*** Data excerpts ***

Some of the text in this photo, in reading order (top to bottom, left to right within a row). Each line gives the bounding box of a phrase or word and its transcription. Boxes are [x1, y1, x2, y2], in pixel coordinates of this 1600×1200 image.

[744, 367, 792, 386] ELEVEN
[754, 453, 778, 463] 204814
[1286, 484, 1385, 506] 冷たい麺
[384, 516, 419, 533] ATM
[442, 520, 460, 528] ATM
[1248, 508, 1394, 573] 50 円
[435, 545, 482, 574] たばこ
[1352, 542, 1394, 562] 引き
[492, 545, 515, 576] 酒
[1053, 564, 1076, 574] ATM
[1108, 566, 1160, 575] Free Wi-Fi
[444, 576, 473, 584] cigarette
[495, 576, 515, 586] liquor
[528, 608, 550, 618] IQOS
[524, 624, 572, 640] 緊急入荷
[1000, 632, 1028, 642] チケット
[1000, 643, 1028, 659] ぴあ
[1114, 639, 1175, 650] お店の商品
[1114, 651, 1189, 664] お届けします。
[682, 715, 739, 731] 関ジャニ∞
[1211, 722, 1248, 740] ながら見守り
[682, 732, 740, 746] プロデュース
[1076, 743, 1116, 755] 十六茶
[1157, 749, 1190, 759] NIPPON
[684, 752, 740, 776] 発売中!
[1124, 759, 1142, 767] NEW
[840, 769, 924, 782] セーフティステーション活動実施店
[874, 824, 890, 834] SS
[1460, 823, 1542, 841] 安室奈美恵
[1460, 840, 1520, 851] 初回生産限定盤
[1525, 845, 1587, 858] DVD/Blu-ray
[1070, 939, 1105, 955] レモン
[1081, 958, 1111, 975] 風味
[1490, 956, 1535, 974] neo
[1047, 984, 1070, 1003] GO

*** End of Data excerpts ***

Reproduce every entry, word for word.

**Task result:**
Some of the text in this photo, in reading order (top to bottom, left to right within a row). Each line gives the bounding box of a phrase or word and its transcription. Boxes are [x1, y1, x2, y2], in pixel coordinates of this 1600×1200 image.

[744, 367, 792, 386] ELEVEN
[754, 453, 778, 463] 204814
[1286, 484, 1385, 506] 冷たい麺
[384, 516, 419, 533] ATM
[442, 520, 460, 528] ATM
[1248, 508, 1394, 573] 50 円
[435, 545, 482, 574] たばこ
[1352, 542, 1394, 562] 引き
[492, 545, 515, 576] 酒
[1053, 564, 1076, 574] ATM
[1108, 566, 1160, 575] Free Wi-Fi
[444, 576, 473, 584] cigarette
[495, 576, 515, 586] liquor
[528, 608, 550, 618] IQOS
[524, 624, 572, 640] 緊急入荷
[1000, 632, 1028, 642] チケット
[1000, 643, 1028, 659] ぴあ
[1114, 639, 1175, 650] お店の商品
[1114, 651, 1189, 664] お届けします。
[682, 715, 739, 731] 関ジャニ∞
[1211, 722, 1248, 740] ながら見守り
[682, 732, 740, 746] プロデュース
[1076, 743, 1116, 755] 十六茶
[1157, 749, 1190, 759] NIPPON
[684, 752, 740, 776] 発売中!
[1124, 759, 1142, 767] NEW
[840, 769, 924, 782] セーフティステーション活動実施店
[874, 824, 890, 834] SS
[1460, 823, 1542, 841] 安室奈美恵
[1460, 840, 1520, 851] 初回生産限定盤
[1525, 845, 1587, 858] DVD/Blu-ray
[1070, 939, 1105, 955] レモン
[1081, 958, 1111, 975] 風味
[1490, 956, 1535, 974] neo
[1047, 984, 1070, 1003] GO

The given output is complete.